## [Your instructions]
The output consists only of the lines from the one with "this 1200×1600 image." through the end of the records, each printed exactly, and contains no pictures.

## [Records]
***
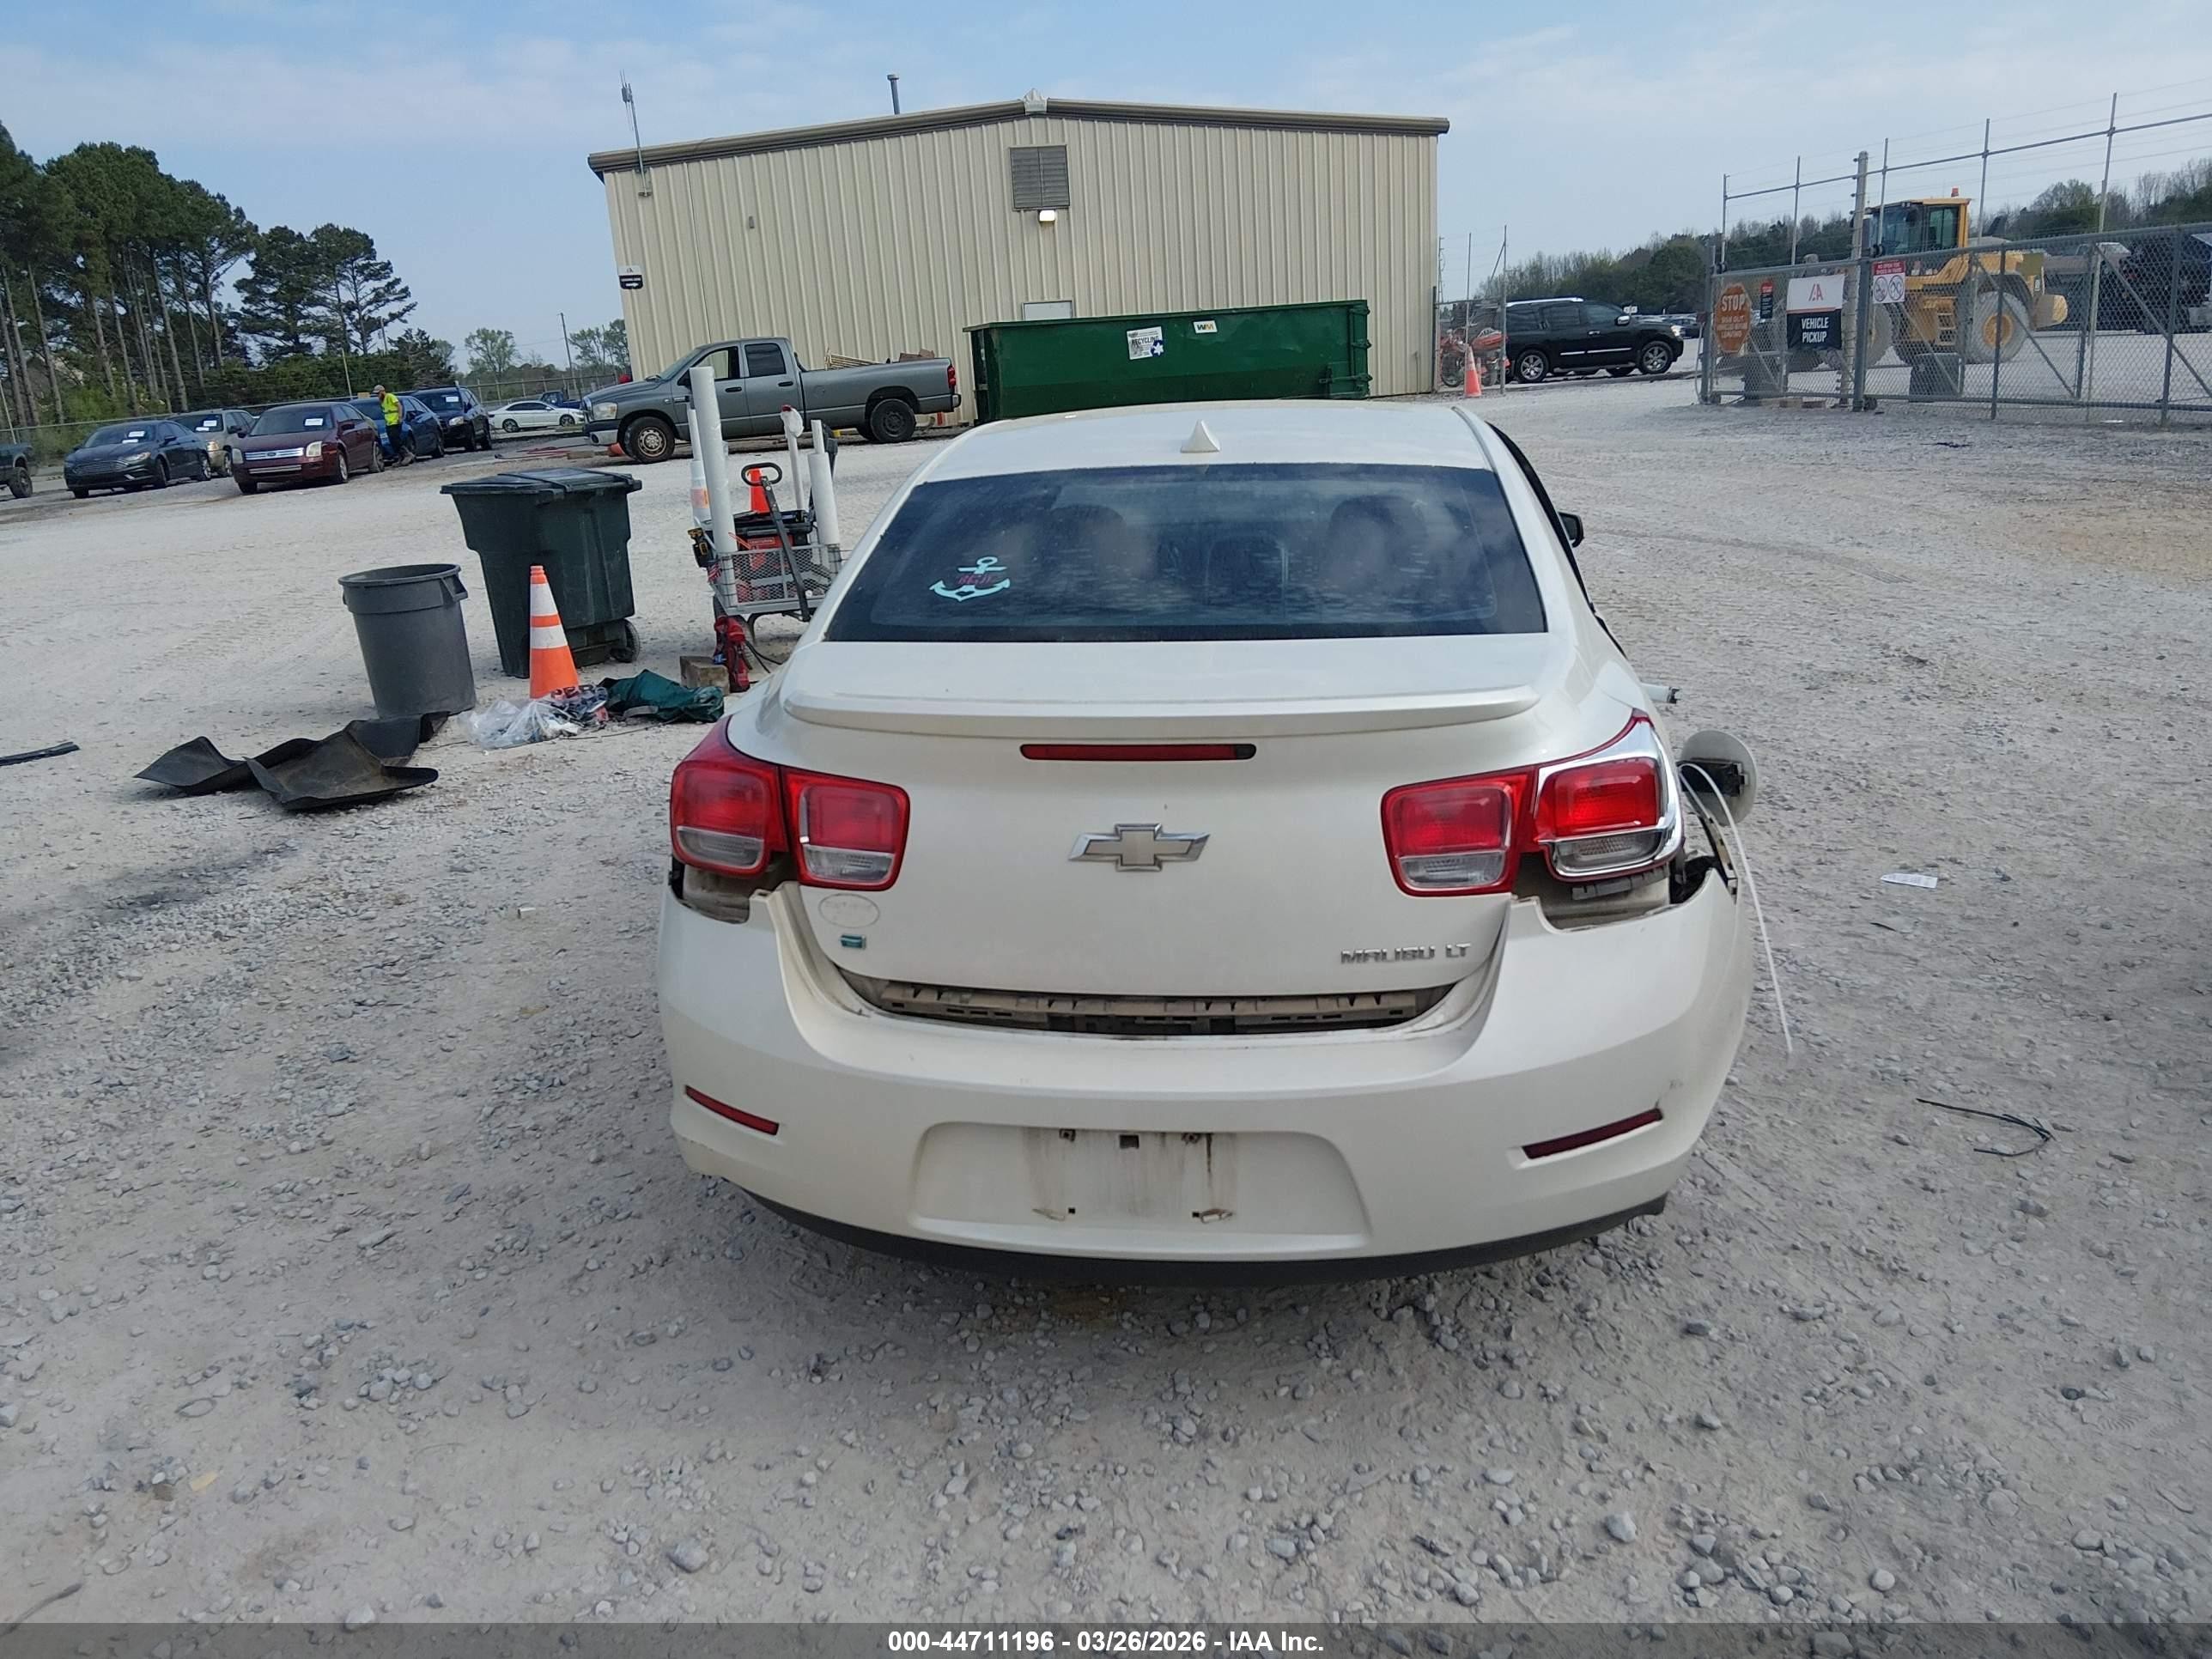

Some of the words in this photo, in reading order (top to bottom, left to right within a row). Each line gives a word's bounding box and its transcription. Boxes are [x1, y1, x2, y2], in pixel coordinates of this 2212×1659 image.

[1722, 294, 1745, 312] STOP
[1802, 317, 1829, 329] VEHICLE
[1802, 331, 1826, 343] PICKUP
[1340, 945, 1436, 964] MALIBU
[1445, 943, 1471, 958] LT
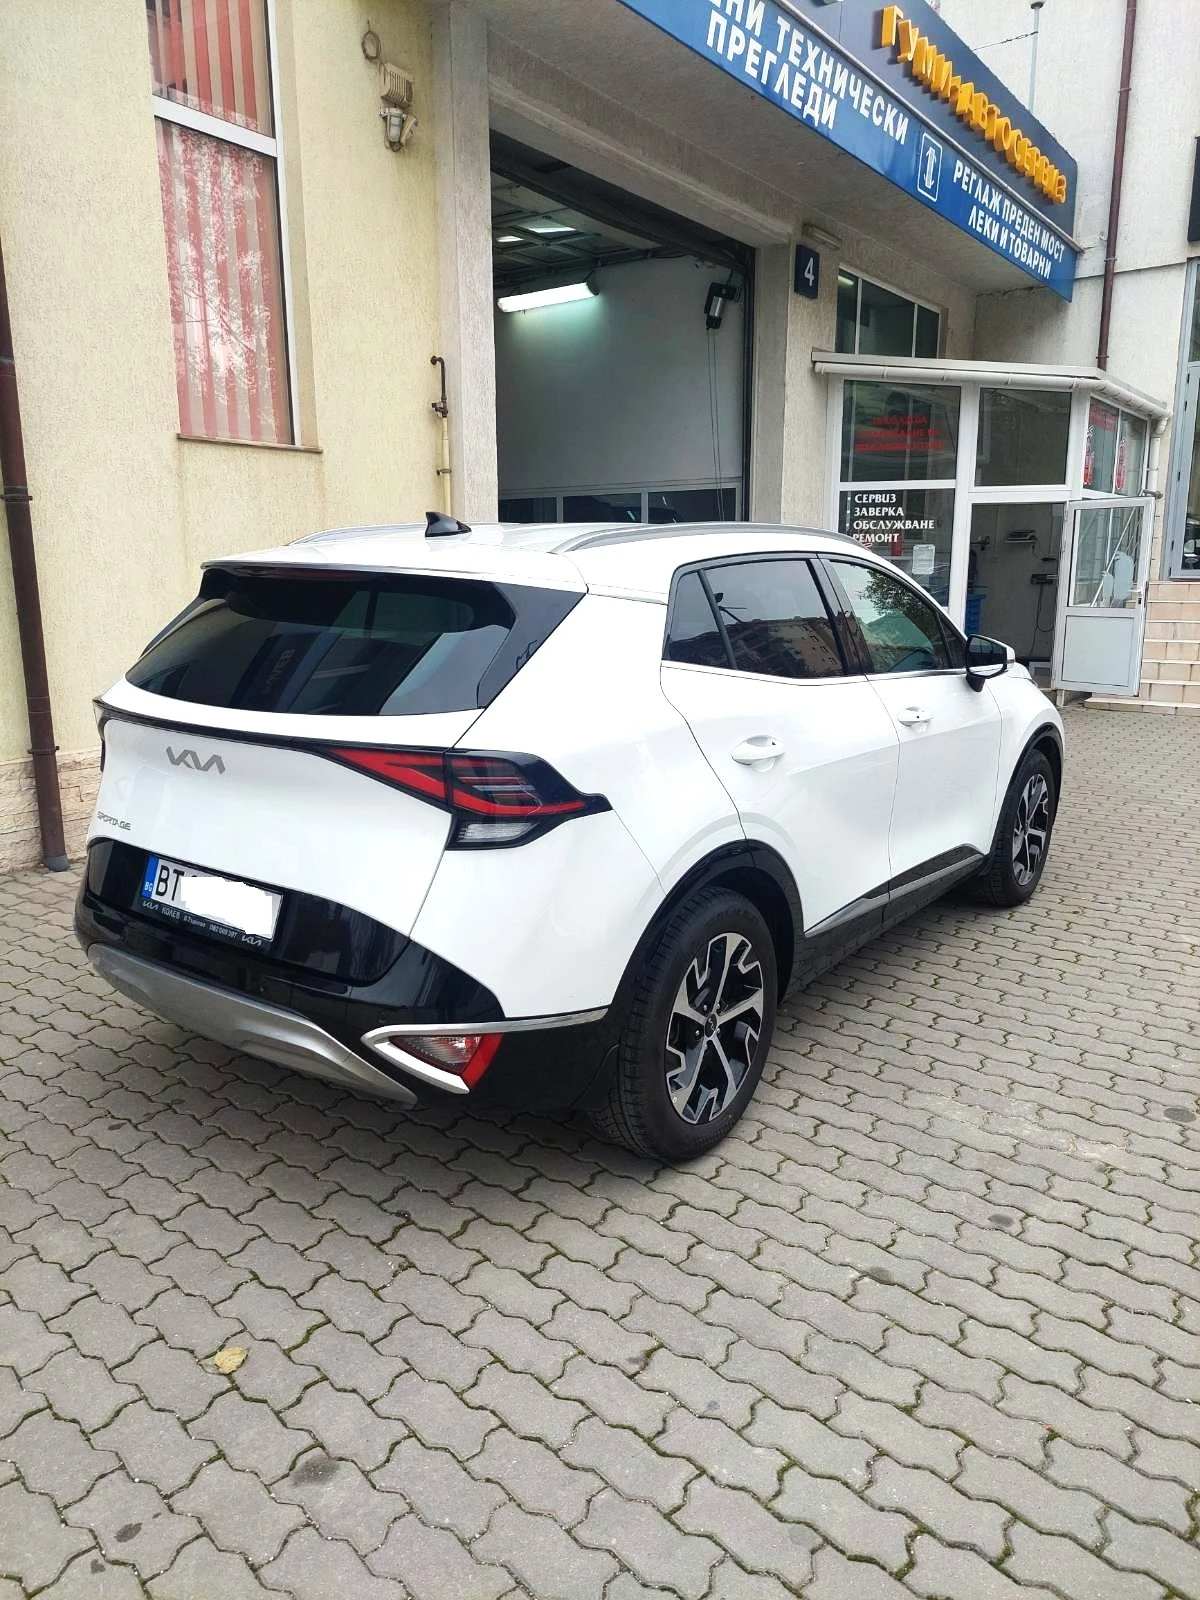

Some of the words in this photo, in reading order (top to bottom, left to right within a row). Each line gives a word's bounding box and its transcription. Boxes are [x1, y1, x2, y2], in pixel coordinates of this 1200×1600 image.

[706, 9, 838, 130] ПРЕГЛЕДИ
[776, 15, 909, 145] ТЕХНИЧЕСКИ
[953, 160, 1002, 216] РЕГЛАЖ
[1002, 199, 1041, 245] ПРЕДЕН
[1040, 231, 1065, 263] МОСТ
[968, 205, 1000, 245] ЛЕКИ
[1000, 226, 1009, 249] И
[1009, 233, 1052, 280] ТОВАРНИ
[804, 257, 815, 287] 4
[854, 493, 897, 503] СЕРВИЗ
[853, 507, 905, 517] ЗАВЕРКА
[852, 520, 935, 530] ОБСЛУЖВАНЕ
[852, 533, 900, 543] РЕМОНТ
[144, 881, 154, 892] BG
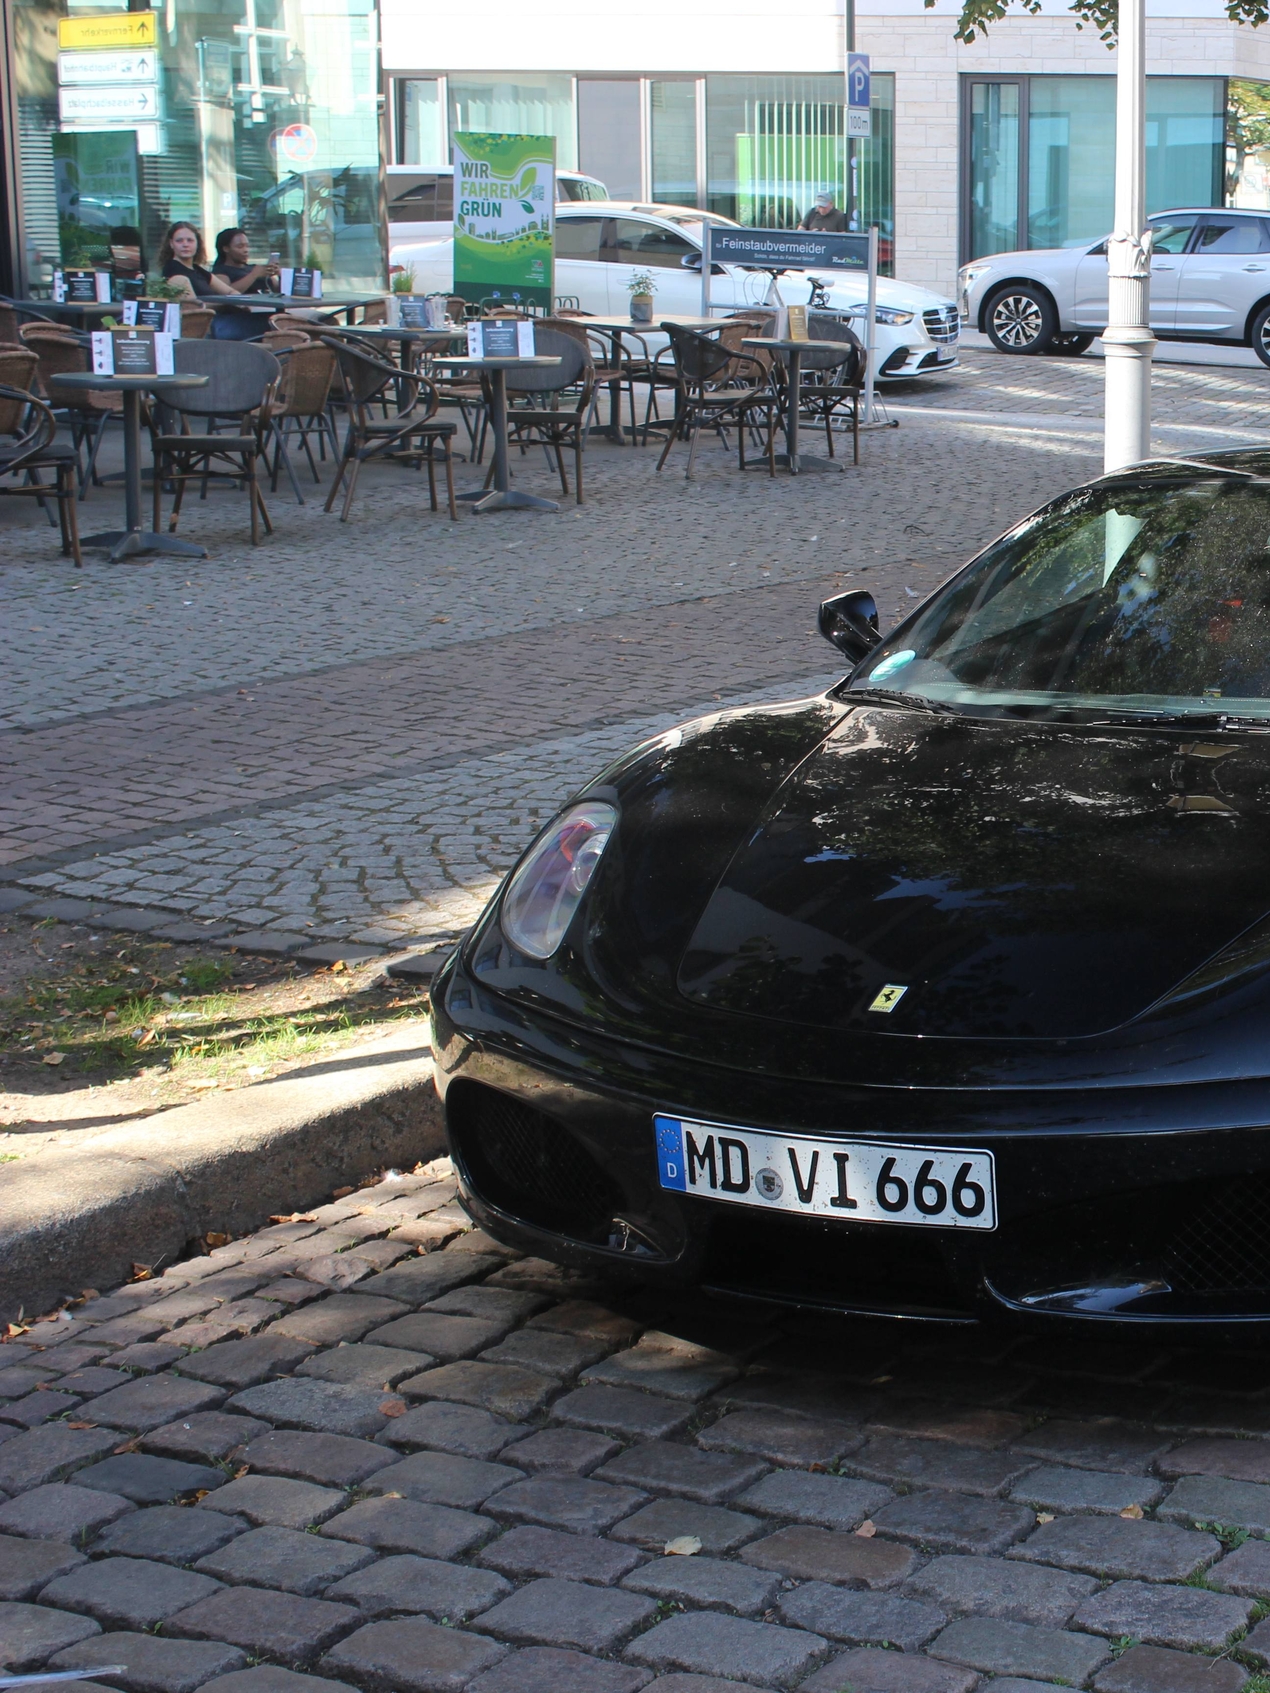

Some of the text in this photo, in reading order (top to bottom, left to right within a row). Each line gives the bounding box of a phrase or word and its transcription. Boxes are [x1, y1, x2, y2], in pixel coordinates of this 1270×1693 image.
***
## [Answer to this exercise]
Some of the words in this photo, in reading order (top to bottom, left to right within a row). Each line gives a word's bounding box and its transcription. Boxes are [x1, y1, x2, y2], in pixel coordinates of this 1200×1600 image.

[706, 9, 838, 130] ПРЕГЛЕДИ
[776, 15, 909, 145] ТЕХНИЧЕСКИ
[953, 160, 1002, 216] РЕГЛАЖ
[1002, 199, 1041, 245] ПРЕДЕН
[1040, 231, 1065, 263] МОСТ
[968, 205, 1000, 245] ЛЕКИ
[1000, 226, 1009, 249] И
[1009, 233, 1052, 280] ТОВАРНИ
[804, 257, 815, 287] 4
[854, 493, 897, 503] СЕРВИЗ
[853, 507, 905, 517] ЗАВЕРКА
[852, 520, 935, 530] ОБСЛУЖВАНЕ
[852, 533, 900, 543] РЕМОНТ
[144, 881, 154, 892] BG

Some of the text in this photo, in reading order (top to bottom, left to right within a row). Each line gives the bounding box of a phrase or word and its transcription. Boxes are [x1, y1, x2, y2], in pixel coordinates of this 1270×1693 image.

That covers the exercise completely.